Microsoft Launches COVID-19 Open Research Dataset

The machine-readable dataset could help win the war on this pandemic

Why This Matters:

The more we know about COVID-19, the better our chances of beating it. Pulling together disparate, yet relevant, datasets in one, free, AI-searchable database is one very important step.

 Getty Images

The war on COVID-19 will be won with social distancing, cleanliness, and, probably, a lot of data. Microsoft led a coalition of partners in developing a new machine-readable dataset from 29,000 articles on COVID-19 and coronavirus-related ailments. On Wednesday, the company opened it to the public.

A team effort: The data was collected from the National Library of Medicine (NLM), the Allen Institute for AI, Georgetown University, the Chan Zuckerberg Initiative (from Facebook’s Mark Zuckerberg and his wife Priscilla Chan), Kaggle and the White House Office of Science and Technology Policy (OSTP). 

The secret sauce. This is data the White House asked technology companies to tackle a week ago. Microsoft indexed and mapped thousands of articles. It noted in a LinkedIn post on what is now being called the COVID-19 Open Research Dataset (CORD-19), there’s full text for over 13,000 of the nearly 30,000 articles.

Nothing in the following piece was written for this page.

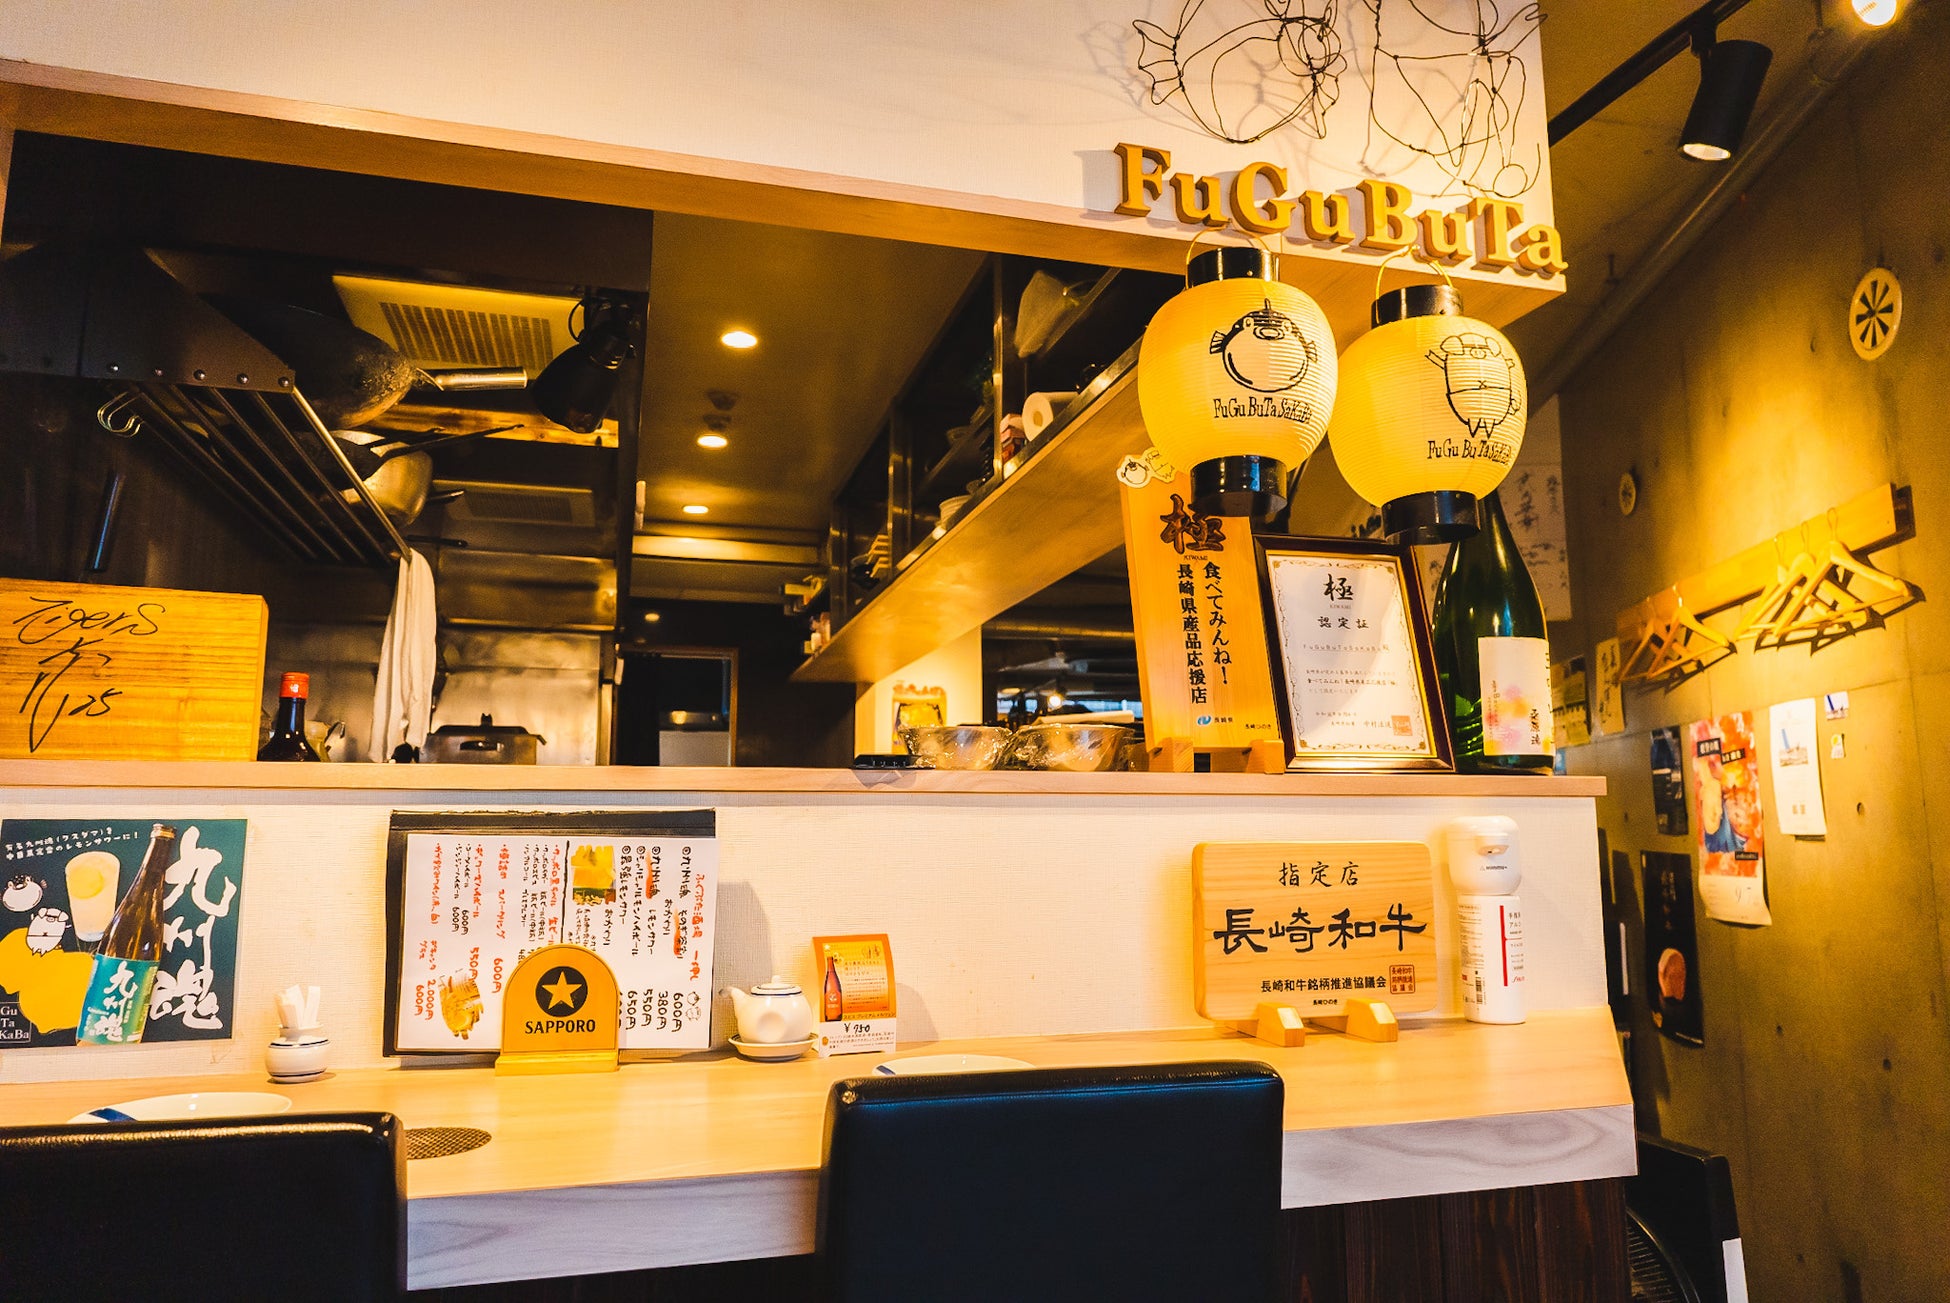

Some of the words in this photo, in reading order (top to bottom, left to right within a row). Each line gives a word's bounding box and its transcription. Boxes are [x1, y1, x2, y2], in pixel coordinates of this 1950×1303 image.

Actually, a big deal: Because scientific articles are often hidden behind paywalls, having full text indexing of this many of them is a significant achievement. Microsoft and its partners apparently will be working on adding to that data store, ostensibly by getting more scientific paper holders to make their text freely available to the project.

What can researchers do with this? "It’s my hope that the machine-readable content will stimulate advances in computing methods that can help investigators to develop deeper understandings and approaches to addressing the COVID-19 pandemic," wrote Eric Horvitz Technical Fellow and Chief Scientific Officer at Microsoft in the LinkedIn post. Artificial Intelligence may be able to, for example, spot patterns in the research that human brains might otherwise miss.

Bottom Line: They say knowledge is power and this free, open resource for the global research community may also be the key to a cure.